START INPUT FOR THIS TASK

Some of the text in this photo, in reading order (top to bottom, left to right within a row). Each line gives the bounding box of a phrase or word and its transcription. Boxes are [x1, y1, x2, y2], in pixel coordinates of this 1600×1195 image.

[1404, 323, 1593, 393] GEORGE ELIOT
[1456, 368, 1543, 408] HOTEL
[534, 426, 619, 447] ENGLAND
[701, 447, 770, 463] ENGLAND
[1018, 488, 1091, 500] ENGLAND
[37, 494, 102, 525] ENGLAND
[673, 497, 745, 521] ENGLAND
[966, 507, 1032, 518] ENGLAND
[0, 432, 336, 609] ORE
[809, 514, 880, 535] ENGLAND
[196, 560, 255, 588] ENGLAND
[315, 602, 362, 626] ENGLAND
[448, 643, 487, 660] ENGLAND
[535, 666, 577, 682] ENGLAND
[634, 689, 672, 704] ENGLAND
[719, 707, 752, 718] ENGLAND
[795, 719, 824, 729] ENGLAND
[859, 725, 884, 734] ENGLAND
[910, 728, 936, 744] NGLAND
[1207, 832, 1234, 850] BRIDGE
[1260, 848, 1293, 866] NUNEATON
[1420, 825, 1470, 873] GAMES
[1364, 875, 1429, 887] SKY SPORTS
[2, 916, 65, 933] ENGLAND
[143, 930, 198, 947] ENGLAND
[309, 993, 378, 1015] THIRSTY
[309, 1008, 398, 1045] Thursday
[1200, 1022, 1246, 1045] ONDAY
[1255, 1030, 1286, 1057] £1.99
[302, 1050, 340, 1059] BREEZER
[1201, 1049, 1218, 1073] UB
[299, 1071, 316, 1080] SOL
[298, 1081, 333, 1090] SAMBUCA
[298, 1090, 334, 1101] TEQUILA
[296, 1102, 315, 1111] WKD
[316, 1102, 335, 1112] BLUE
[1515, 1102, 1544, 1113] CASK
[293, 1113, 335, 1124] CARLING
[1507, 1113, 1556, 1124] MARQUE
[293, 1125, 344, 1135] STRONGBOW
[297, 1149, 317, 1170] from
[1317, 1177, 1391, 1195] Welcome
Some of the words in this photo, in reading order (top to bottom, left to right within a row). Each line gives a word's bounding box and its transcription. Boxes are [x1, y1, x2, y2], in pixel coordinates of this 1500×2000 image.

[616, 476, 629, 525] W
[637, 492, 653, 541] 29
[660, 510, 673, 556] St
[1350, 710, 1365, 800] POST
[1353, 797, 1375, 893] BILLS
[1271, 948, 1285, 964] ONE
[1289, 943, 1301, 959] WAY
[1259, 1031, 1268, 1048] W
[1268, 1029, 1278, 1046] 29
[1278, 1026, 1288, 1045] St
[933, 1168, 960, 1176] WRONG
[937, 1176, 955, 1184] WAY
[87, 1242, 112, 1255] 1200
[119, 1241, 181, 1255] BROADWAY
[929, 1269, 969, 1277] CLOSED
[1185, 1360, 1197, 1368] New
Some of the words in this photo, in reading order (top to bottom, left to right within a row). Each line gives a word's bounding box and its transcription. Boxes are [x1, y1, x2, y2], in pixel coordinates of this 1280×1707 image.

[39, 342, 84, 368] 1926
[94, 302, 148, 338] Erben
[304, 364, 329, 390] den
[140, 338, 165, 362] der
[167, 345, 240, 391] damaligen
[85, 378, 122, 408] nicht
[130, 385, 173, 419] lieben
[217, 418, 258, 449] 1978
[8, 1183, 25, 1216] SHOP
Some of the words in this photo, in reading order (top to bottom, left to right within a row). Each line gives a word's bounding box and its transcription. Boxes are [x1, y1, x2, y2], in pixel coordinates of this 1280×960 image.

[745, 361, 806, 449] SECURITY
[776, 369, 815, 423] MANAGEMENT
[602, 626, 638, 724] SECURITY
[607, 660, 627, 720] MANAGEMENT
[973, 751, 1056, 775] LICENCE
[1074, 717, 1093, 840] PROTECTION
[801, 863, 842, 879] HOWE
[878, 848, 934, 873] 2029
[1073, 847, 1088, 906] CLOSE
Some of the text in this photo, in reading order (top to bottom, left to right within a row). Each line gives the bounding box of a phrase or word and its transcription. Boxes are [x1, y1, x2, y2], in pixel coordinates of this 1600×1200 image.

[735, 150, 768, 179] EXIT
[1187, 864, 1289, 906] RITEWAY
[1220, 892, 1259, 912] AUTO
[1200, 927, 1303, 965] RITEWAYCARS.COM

END INPUT FOR THIS TASK

[PROMPT]: From the first line to the last, reproduce the material word for word.

[PROBLEM SOLUTION]:
Some of the text in this photo, in reading order (top to bottom, left to right within a row). Each line gives the bounding box of a phrase or word and its transcription. Boxes are [x1, y1, x2, y2], in pixel coordinates of this 1600×1195 image.

[1404, 323, 1593, 393] GEORGE ELIOT
[1456, 368, 1543, 408] HOTEL
[534, 426, 619, 447] ENGLAND
[701, 447, 770, 463] ENGLAND
[1018, 488, 1091, 500] ENGLAND
[37, 494, 102, 525] ENGLAND
[673, 497, 745, 521] ENGLAND
[966, 507, 1032, 518] ENGLAND
[0, 432, 336, 609] ORE
[809, 514, 880, 535] ENGLAND
[196, 560, 255, 588] ENGLAND
[315, 602, 362, 626] ENGLAND
[448, 643, 487, 660] ENGLAND
[535, 666, 577, 682] ENGLAND
[634, 689, 672, 704] ENGLAND
[719, 707, 752, 718] ENGLAND
[795, 719, 824, 729] ENGLAND
[859, 725, 884, 734] ENGLAND
[910, 728, 936, 744] NGLAND
[1207, 832, 1234, 850] BRIDGE
[1260, 848, 1293, 866] NUNEATON
[1420, 825, 1470, 873] GAMES
[1364, 875, 1429, 887] SKY SPORTS
[2, 916, 65, 933] ENGLAND
[143, 930, 198, 947] ENGLAND
[309, 993, 378, 1015] THIRSTY
[309, 1008, 398, 1045] Thursday
[1200, 1022, 1246, 1045] ONDAY
[1255, 1030, 1286, 1057] £1.99
[302, 1050, 340, 1059] BREEZER
[1201, 1049, 1218, 1073] UB
[299, 1071, 316, 1080] SOL
[298, 1081, 333, 1090] SAMBUCA
[298, 1090, 334, 1101] TEQUILA
[296, 1102, 315, 1111] WKD
[316, 1102, 335, 1112] BLUE
[1515, 1102, 1544, 1113] CASK
[293, 1113, 335, 1124] CARLING
[1507, 1113, 1556, 1124] MARQUE
[293, 1125, 344, 1135] STRONGBOW
[297, 1149, 317, 1170] from
[1317, 1177, 1391, 1195] Welcome
Some of the words in this photo, in reading order (top to bottom, left to right within a row). Each line gives a word's bounding box and its transcription. Boxes are [x1, y1, x2, y2], in pixel coordinates of this 1500×2000 image.

[616, 476, 629, 525] W
[637, 492, 653, 541] 29
[660, 510, 673, 556] St
[1350, 710, 1365, 800] POST
[1353, 797, 1375, 893] BILLS
[1271, 948, 1285, 964] ONE
[1289, 943, 1301, 959] WAY
[1259, 1031, 1268, 1048] W
[1268, 1029, 1278, 1046] 29
[1278, 1026, 1288, 1045] St
[933, 1168, 960, 1176] WRONG
[937, 1176, 955, 1184] WAY
[87, 1242, 112, 1255] 1200
[119, 1241, 181, 1255] BROADWAY
[929, 1269, 969, 1277] CLOSED
[1185, 1360, 1197, 1368] New
Some of the words in this photo, in reading order (top to bottom, left to right within a row). Each line gives a word's bounding box and its transcription. Boxes are [x1, y1, x2, y2], in pixel coordinates of this 1280×1707 image.

[39, 342, 84, 368] 1926
[94, 302, 148, 338] Erben
[304, 364, 329, 390] den
[140, 338, 165, 362] der
[167, 345, 240, 391] damaligen
[85, 378, 122, 408] nicht
[130, 385, 173, 419] lieben
[217, 418, 258, 449] 1978
[8, 1183, 25, 1216] SHOP
Some of the words in this photo, in reading order (top to bottom, left to right within a row). Each line gives a word's bounding box and its transcription. Boxes are [x1, y1, x2, y2], in pixel coordinates of this 1280×960 image.

[745, 361, 806, 449] SECURITY
[776, 369, 815, 423] MANAGEMENT
[602, 626, 638, 724] SECURITY
[607, 660, 627, 720] MANAGEMENT
[973, 751, 1056, 775] LICENCE
[1074, 717, 1093, 840] PROTECTION
[801, 863, 842, 879] HOWE
[878, 848, 934, 873] 2029
[1073, 847, 1088, 906] CLOSE
Some of the text in this photo, in reading order (top to bottom, left to right within a row). Each line gives the bounding box of a phrase or word and its transcription. Boxes are [x1, y1, x2, y2], in pixel coordinates of this 1600×1200 image.

[735, 150, 768, 179] EXIT
[1187, 864, 1289, 906] RITEWAY
[1220, 892, 1259, 912] AUTO
[1200, 927, 1303, 965] RITEWAYCARS.COM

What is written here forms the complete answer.